Or at least that's the direction that talks are going among assorted government officials and the banks, according to the Financial Times.
Let's back up a moment: This has to do with something known as the "multistate mortgage settlement." That little mouthful is an attempt by the White House and the 50 state attorneys general to punish bankers for things like foreclosing on homeowners when the bankers don't actually own the note because the note was sold off in a mortgage-backed security long ago.
This has fouled up the chain of title on potentially millions of homes -- to the point where people who buy their houses with cash end up receiving foreclosure notices.

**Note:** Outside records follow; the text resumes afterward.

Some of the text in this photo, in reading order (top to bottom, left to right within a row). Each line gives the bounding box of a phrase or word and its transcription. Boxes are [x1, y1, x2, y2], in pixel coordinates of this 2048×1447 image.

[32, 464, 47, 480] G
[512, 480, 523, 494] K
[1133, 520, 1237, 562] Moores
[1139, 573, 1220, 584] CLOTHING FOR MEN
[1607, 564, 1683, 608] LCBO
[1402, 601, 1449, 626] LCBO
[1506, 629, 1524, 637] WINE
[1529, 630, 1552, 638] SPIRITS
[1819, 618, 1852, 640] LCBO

Rather than pursue such fraud cases as -- well, fraud cases, complete with messy things like trials and prison time -- the assorted government leaders are trying to work out a settlement in which the banks would admit no wrongdoing, but instead fork over about $25 billion in principal reductions to underwater homeowners.

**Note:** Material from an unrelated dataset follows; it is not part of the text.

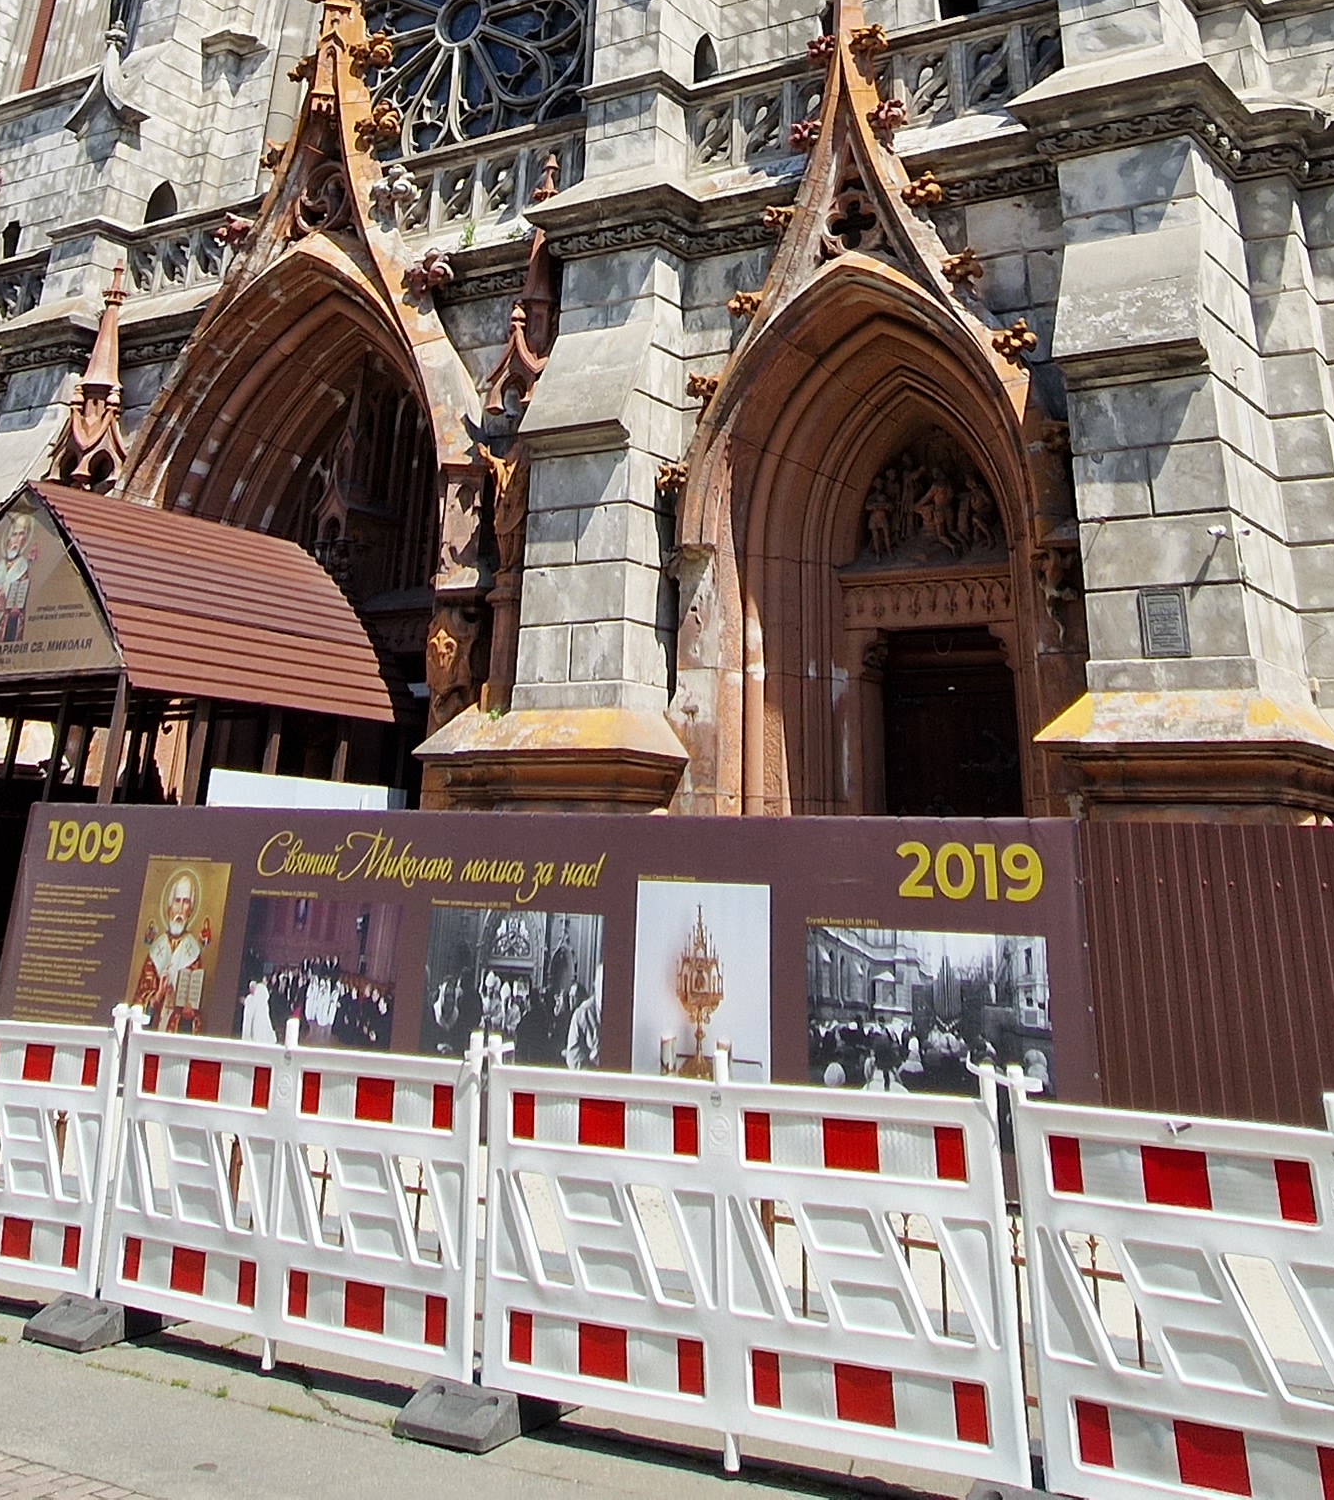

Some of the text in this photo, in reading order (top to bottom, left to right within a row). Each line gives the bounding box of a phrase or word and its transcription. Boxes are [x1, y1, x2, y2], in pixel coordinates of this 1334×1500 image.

[47, 638, 93, 650] МИКОЛАЯ
[46, 820, 124, 864] 1909
[257, 827, 607, 903] Святий Миколаю, молись за нас!
[895, 841, 1044, 902] 2019

Except now it appears the banks wouldn't eat the losses.
Instead, "investors in U.S. home mortgage bonds may have to swallow losses" under the deal, says the Financial Times.

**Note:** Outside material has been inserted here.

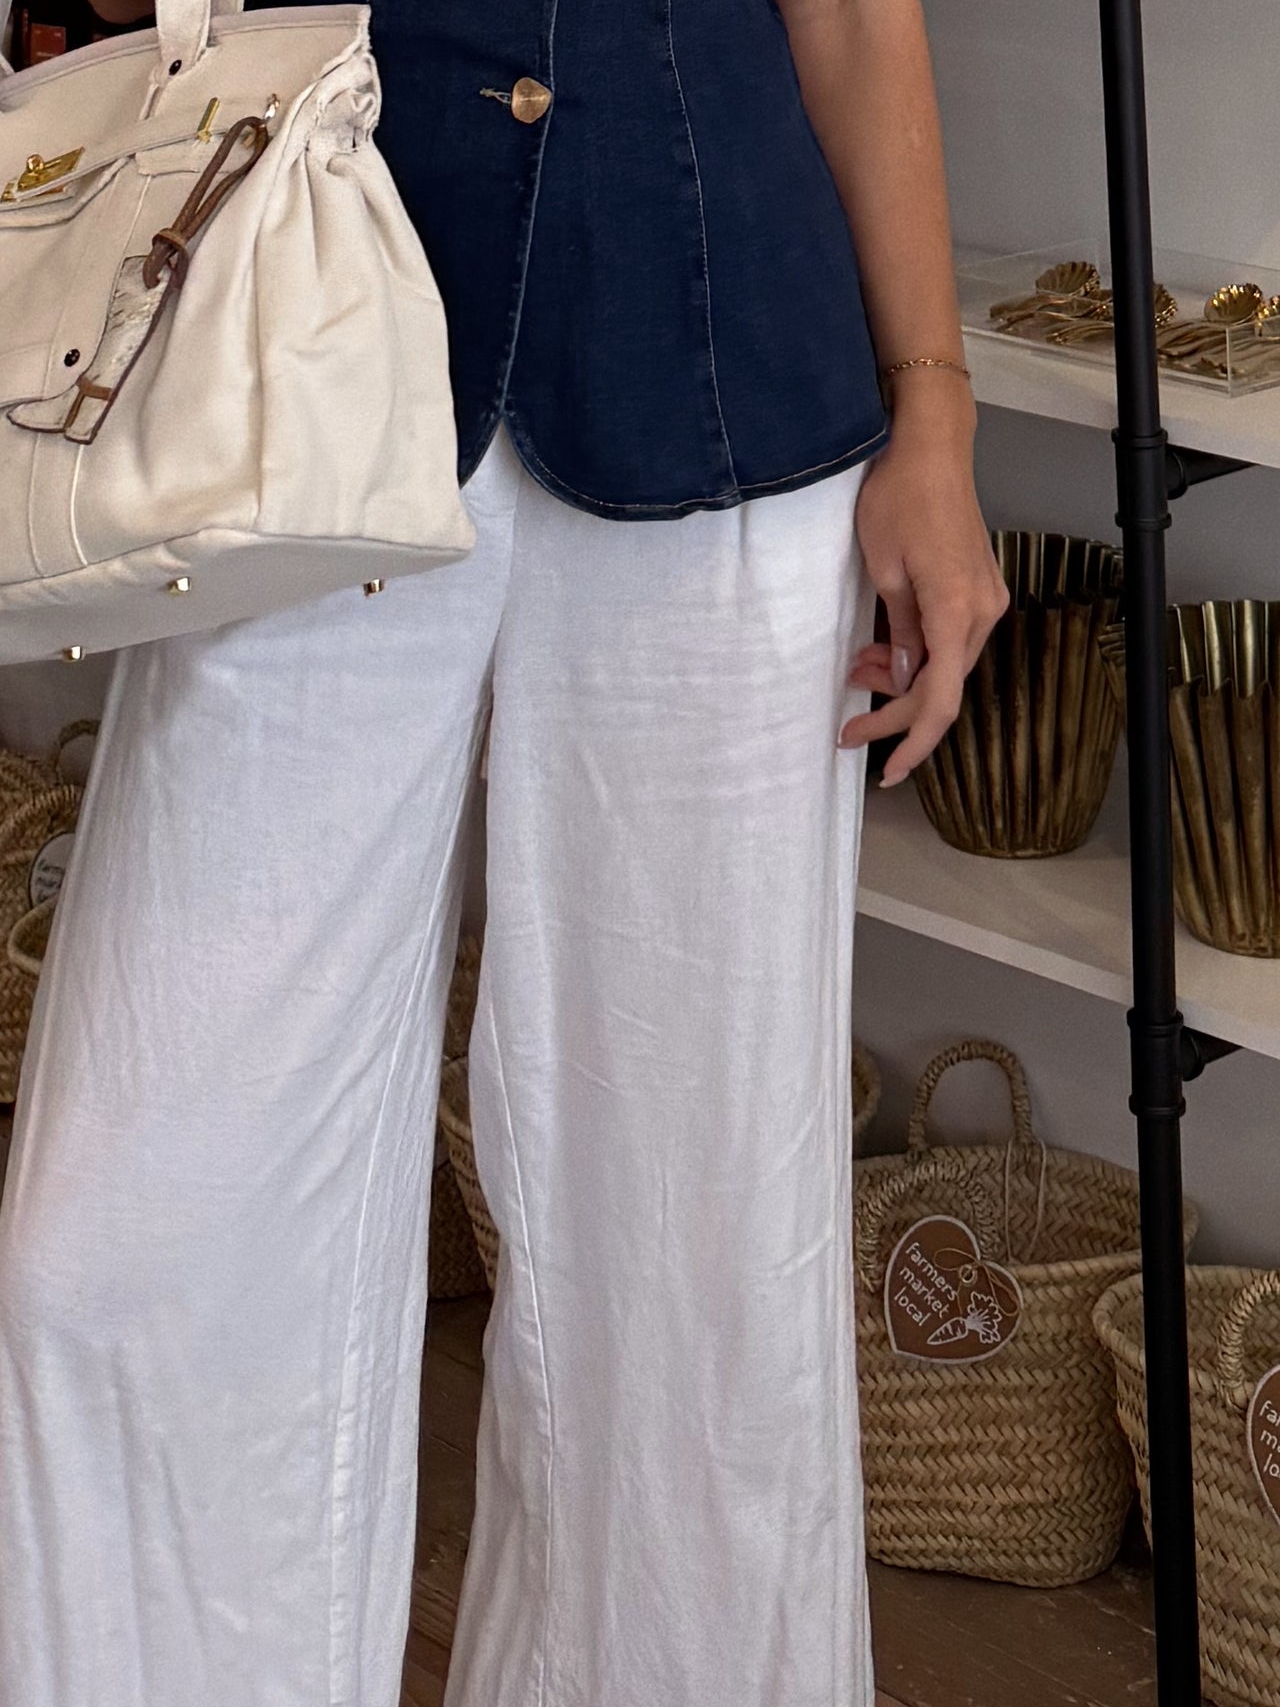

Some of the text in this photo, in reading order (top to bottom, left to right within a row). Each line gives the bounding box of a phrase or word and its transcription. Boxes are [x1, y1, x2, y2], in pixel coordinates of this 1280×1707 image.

[899, 1266, 950, 1319] market
[905, 1241, 959, 1302] farmers
[893, 1286, 932, 1327] local

Let's make this really clear: If this deal comes about, the banks that knowingly sold off "crap" mortgages (to use the words of their own internal emails) to unknowing mortgage investors would skate... while the mortgage investors would be left holding the bag.
"It would be a Pyrrhic victory," protests Chris Katopis of the Association of Mortgage Investors, "to settle the mortgage crisis with the money of public institutions, pension funds and seniors."
Aw, c'mon, Chris... you ought to know by now that as bondholders, you stand at the bottom of the totem pole and your legal rights don't mean squat. Remember General Motors and Chrysler?